Wednesday, July 4, 2012

The Afro: The Emancipation of Black Hair

The Afro: Mid 1900's

During the 1960's and 1970's the afro was a symbol of political liberation. Radical activist of the Black Panther, Angela Davis (pictured above) led the movement by refusing to straighten her natural locks. Today, the afro is seen as a high fashion statement from the pages of Italian Vogue to the red carpet.

What is responsible for the rebirth of the afro?

Many would argue that it all started after the release of Chris Rock's "Good Hair" movie in 2009. In his documentary, Chris Rock explored the ins and outs of the black hair care industry. He shed light on the amount of money black women spend on extensions, the number of non-black owned company's that dominate the industry and the dangers of chemical relaxers. The findings revealed in this documentary were riveting to non-black viewers but what really caught the eyes of most black women were the chemicals in relaxers. During a clip, Chris Rock highlighted the dangers of Sodium Hydroxide which is a harmful ingredient found in most relaxers. This ingredient is strong enough to burn through a Coke can or a raw piece of chicken.

The Afro: Late 2000's

Secondly, the neo-soul movement, a style of music that combines soul and contemporary R&B, presents a strong argument for being the pioneers behind the rebirth of the Transitioning Movement. In the late 1990's to early 2000's, artists like Maxwell, India Arie, Erykah Badu, D'Angelo and Jill Scott embraced their natural hair by wearing afros, braids and bantu knots. These artists combined a smooth melodic sound with a cool earthy natural look. Today, artist like Janelle Monae, Solange Knowles and Corinne Bailey Rae, are carrying the torch.

Lastly, Americans along with the rest of the world are becoming more health and environmentally conscious. This can be seen through the creation of the hybrid car, nutritional guides at fast food restaurants and the increasing number of natural and organic brands. Consumers have become more cognizant of what they put on or in their bodies by reading product labels and not putting their well being in the hands of corporate brands. In an effort to live a healthy lifestyle, many have opted to only use natural beauty products such as: deodorants, shampoos and hair dyes. According to Mintel, a consumer spending and market research firm, sales of relaxer kits declined by 17% from 2006 to 2011.

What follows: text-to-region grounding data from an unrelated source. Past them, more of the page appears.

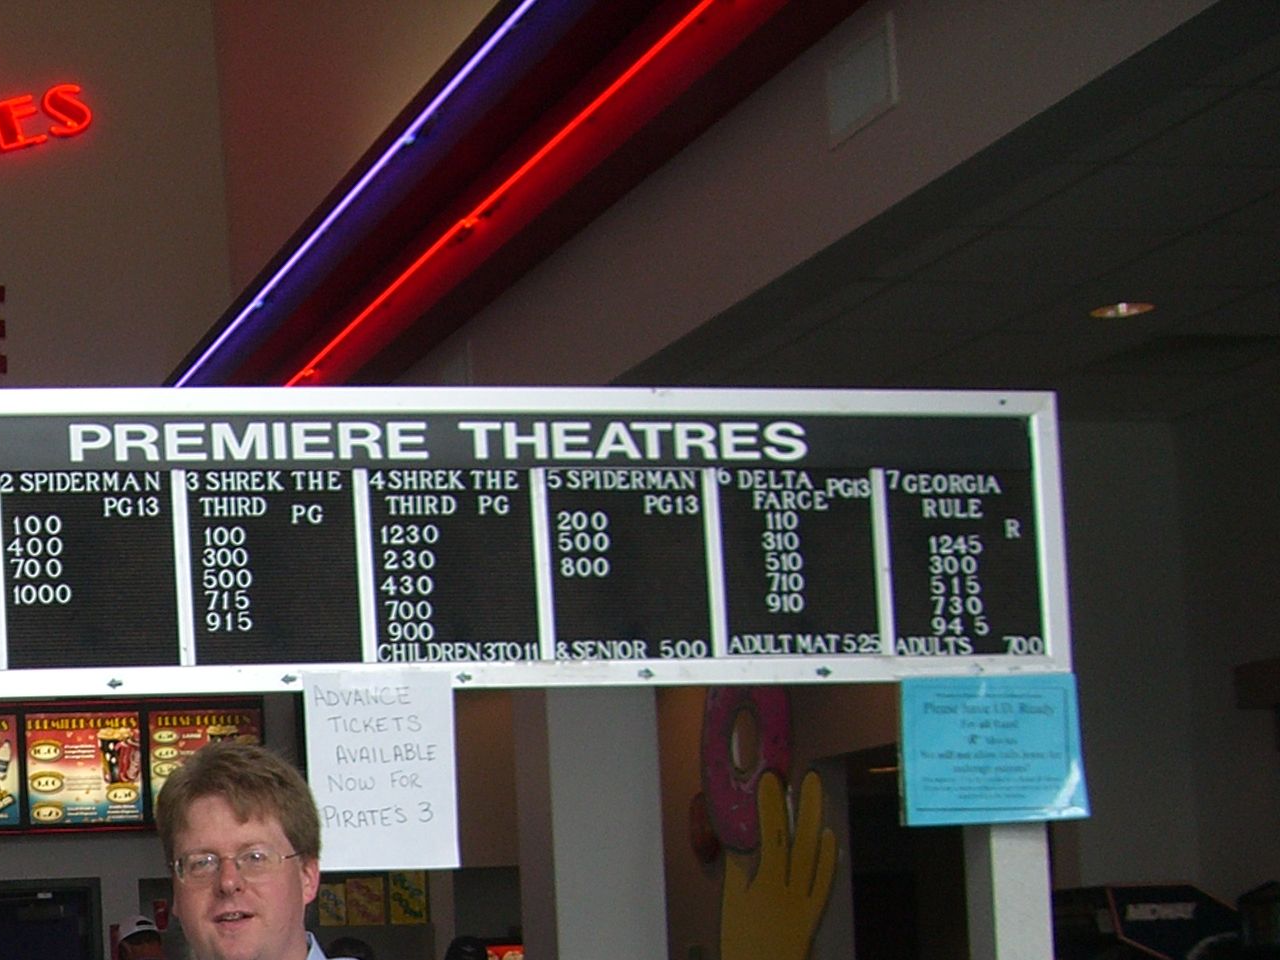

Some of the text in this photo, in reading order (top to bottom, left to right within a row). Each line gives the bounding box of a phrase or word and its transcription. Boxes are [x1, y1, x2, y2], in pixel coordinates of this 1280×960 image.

[69, 422, 807, 461] PREMIERE THEATRES
[21, 471, 160, 492] SPIDERMAN
[185, 471, 341, 493] 3 SHREK THE
[367, 470, 518, 492] 4 SHREK THE
[547, 469, 695, 489] 5 SPIDERMAN
[738, 470, 813, 489] DELTA
[884, 470, 1001, 493] 7 GEORGIA
[199, 497, 323, 523] THIRD PG
[385, 495, 509, 515] THIRD PG
[754, 491, 828, 510] FARCE
[14, 516, 61, 535] 100
[558, 511, 608, 530] 200
[766, 511, 799, 530] 110
[923, 499, 1020, 538] RULE R
[205, 527, 245, 546] 100
[381, 525, 438, 544] 1230
[559, 532, 609, 551] 500
[763, 532, 799, 550] 310
[7, 537, 62, 556] 400
[930, 535, 982, 554] 1245
[203, 548, 248, 567] 300
[384, 550, 435, 569] 230
[561, 557, 609, 576] 800
[766, 552, 803, 571] 510
[930, 556, 977, 574] 300
[11, 559, 62, 578] 700
[203, 569, 252, 588] 500
[381, 576, 433, 595] 430
[767, 573, 804, 591] 710
[932, 576, 981, 594] 515
[14, 584, 71, 604] 1000
[205, 590, 249, 610] 715
[766, 593, 804, 612] 910
[385, 601, 432, 620] 700
[932, 596, 983, 614] 730
[206, 612, 252, 631] 915
[388, 622, 434, 641] 900
[569, 641, 647, 659] SENIOR
[660, 640, 707, 659] 500
[729, 635, 792, 654] ADULT
[793, 635, 841, 653] MAT
[843, 633, 882, 653] 525
[896, 636, 974, 655] ADULTS
[1003, 635, 1044, 654] 700
[314, 685, 411, 707] ADVANCE
[328, 715, 422, 733] TICKETS
[336, 743, 437, 765] AVAILABLE
[327, 770, 423, 793] NOW FOR
[418, 801, 434, 823] 3

Nearly fifty years after Angela Davis graced platforms across the USA with her outspoken voluminous hair, the Transitioning Movement has taken the world by storm. Whatever the reason may be behind the rebirth of the afro, women in the USA, UK, Europe, Africa, South America and the Caribbean are all celebrating their natural hair.

What influenced your decision to go natural?

Happy Independence Day America! 

1 comment:

  1. Well, I went natural LOOOOONG before it became popular. I started transitioning right out of high school and NEVER looked back. Nearly 14 years later, I have never regretted my decision. It was one that I wish I had done a lot sooner. I got tired of the relaxers burning my scalp and having scalp burns after the fact whether a professional did my hair or I did. It's not worth it to I made the change. To each his or her own. I would encourage ANY and EVERY woman to go natural for a period of years for at least ONCE in their adult lives. Just my two cents. Thank you.